* **Problem**: Reproduce exactly the final portion of the data: every line from the one containing "this 1632×1224 image." through the last line, inclusive.
=== Section Start ===
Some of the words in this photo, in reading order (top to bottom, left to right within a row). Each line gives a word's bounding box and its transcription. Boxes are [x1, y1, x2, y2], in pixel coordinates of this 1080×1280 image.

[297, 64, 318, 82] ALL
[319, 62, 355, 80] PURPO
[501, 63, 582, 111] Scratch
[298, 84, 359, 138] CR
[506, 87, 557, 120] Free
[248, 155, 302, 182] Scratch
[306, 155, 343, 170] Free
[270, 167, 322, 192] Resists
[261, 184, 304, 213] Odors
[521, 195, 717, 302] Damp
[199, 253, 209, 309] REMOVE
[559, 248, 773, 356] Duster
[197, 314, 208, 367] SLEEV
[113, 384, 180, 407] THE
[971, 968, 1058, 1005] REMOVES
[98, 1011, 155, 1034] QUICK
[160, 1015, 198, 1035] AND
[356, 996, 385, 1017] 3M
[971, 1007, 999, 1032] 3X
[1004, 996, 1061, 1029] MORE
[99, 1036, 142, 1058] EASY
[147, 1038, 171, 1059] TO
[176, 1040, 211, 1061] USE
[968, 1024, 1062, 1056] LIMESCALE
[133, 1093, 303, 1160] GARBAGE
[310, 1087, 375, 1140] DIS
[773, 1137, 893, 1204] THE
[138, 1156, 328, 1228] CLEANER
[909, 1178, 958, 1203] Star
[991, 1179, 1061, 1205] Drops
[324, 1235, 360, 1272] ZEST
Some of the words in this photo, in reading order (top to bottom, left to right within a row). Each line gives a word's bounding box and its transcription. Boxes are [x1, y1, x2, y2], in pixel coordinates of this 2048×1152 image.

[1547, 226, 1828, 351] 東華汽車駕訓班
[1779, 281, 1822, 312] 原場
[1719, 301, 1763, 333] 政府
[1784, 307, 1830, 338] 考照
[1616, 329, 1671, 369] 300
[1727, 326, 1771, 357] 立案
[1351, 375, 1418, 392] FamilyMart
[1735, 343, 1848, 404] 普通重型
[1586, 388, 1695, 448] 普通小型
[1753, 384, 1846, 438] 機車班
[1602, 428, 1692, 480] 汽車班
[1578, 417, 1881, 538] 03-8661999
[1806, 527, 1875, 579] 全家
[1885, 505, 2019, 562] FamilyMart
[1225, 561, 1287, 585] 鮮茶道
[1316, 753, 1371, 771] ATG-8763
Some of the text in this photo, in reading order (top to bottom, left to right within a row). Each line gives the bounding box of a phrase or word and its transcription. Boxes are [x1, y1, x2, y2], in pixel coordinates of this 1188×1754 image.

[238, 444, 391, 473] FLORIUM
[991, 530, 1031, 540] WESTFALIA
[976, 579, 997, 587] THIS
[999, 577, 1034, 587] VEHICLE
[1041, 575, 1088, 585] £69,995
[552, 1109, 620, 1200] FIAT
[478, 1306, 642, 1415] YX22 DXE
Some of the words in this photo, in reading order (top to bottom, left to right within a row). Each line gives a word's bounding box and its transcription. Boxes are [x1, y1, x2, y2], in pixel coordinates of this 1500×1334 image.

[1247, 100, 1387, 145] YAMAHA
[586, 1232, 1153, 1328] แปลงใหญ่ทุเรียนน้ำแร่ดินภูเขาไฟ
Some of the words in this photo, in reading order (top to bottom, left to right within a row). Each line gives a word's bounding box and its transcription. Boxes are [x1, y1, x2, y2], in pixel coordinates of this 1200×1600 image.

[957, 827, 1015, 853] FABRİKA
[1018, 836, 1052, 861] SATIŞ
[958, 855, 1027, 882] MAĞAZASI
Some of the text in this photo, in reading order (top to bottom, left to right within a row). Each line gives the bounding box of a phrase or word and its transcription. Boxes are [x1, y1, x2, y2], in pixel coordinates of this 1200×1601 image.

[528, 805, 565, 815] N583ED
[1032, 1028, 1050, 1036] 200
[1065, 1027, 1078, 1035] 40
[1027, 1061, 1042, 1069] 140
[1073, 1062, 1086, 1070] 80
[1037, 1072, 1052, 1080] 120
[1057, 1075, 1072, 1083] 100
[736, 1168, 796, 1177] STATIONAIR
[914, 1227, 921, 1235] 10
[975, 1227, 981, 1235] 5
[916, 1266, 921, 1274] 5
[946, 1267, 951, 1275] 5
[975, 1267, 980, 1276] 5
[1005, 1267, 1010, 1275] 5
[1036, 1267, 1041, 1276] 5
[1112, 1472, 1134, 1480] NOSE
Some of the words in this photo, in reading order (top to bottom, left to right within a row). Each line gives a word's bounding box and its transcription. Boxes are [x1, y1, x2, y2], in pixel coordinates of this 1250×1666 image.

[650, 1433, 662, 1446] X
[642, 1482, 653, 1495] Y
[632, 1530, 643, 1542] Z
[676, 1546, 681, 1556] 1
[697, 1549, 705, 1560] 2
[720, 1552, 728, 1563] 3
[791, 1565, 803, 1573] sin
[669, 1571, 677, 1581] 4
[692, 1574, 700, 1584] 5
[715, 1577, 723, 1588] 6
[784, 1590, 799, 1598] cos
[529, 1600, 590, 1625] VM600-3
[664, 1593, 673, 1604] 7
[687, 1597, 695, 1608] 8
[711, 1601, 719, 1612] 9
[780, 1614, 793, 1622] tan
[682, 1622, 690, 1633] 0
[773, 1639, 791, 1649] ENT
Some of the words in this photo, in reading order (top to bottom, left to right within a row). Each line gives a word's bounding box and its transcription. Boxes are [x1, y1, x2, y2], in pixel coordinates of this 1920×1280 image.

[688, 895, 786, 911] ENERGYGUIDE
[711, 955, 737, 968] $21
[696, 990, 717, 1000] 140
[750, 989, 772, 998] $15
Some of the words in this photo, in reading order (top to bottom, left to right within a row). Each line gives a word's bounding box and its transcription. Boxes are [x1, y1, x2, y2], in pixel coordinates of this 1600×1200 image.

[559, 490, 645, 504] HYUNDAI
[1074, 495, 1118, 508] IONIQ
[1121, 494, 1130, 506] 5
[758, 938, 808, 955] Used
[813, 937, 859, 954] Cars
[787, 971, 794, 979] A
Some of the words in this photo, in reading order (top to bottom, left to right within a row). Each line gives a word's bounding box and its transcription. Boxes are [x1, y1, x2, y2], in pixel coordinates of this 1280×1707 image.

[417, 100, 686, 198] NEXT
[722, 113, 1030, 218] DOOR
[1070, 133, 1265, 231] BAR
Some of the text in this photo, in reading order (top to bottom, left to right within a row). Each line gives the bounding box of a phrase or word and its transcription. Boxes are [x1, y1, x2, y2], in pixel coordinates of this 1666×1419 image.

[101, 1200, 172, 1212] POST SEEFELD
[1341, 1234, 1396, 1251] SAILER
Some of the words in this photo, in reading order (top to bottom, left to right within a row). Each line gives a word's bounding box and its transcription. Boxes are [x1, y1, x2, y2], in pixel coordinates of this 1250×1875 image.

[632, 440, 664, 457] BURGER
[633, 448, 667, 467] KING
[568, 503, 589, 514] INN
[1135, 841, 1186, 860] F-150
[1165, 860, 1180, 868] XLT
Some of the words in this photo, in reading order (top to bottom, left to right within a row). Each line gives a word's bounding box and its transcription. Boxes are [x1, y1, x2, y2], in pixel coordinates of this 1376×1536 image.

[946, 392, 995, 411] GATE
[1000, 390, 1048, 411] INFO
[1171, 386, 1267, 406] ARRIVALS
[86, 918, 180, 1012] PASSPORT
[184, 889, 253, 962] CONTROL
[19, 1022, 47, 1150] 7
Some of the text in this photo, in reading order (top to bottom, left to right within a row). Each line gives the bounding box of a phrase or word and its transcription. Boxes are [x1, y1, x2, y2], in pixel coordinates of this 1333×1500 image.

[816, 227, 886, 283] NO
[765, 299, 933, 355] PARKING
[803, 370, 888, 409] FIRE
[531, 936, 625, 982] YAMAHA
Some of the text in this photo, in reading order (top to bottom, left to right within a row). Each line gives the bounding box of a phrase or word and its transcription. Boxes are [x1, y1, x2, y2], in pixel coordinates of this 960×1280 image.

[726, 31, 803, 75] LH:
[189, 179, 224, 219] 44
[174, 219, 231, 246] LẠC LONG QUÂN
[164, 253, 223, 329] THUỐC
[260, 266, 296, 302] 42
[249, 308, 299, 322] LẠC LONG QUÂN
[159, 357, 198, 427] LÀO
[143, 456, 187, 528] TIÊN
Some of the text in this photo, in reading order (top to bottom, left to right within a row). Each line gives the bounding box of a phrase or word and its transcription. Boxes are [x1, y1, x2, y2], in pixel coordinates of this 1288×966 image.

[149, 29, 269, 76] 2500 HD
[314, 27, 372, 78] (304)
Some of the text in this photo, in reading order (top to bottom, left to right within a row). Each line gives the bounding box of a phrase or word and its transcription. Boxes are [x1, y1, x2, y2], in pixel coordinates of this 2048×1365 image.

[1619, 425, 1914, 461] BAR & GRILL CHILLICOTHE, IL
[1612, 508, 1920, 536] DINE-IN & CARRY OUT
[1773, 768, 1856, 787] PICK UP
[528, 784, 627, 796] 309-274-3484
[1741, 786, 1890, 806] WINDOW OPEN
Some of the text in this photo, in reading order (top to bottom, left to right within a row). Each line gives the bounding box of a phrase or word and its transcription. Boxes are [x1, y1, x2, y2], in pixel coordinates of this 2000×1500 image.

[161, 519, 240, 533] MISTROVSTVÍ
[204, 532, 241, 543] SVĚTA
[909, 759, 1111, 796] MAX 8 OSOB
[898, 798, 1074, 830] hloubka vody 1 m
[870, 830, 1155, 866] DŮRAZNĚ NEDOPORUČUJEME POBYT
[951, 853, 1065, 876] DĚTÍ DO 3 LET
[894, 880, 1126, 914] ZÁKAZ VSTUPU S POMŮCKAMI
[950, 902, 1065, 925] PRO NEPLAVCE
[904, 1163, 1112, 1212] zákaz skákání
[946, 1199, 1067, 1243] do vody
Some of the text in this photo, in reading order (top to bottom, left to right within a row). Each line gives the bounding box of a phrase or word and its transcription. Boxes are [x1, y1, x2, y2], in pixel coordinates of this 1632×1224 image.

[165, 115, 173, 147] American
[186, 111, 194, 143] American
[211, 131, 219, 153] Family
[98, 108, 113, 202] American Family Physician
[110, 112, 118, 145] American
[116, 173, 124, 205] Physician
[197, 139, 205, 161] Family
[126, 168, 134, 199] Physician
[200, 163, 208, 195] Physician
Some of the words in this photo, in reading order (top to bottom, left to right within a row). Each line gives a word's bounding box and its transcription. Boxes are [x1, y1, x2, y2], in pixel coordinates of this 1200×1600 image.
=== Section End ===
* **Output of the task**:
Some of the text in this photo, in reading order (top to bottom, left to right within a row). Each line gives the bounding box of a phrase or word and its transcription. Boxes are [x1, y1, x2, y2], in pixel coordinates of this 1632×1224 image.

[165, 115, 173, 147] American
[186, 111, 194, 143] American
[211, 131, 219, 153] Family
[98, 108, 113, 202] American Family Physician
[110, 112, 118, 145] American
[116, 173, 124, 205] Physician
[197, 139, 205, 161] Family
[126, 168, 134, 199] Physician
[200, 163, 208, 195] Physician
Some of the words in this photo, in reading order (top to bottom, left to right within a row). Each line gives a word's bounding box and its transcription. Boxes are [x1, y1, x2, y2], in pixel coordinates of this 1200×1600 image.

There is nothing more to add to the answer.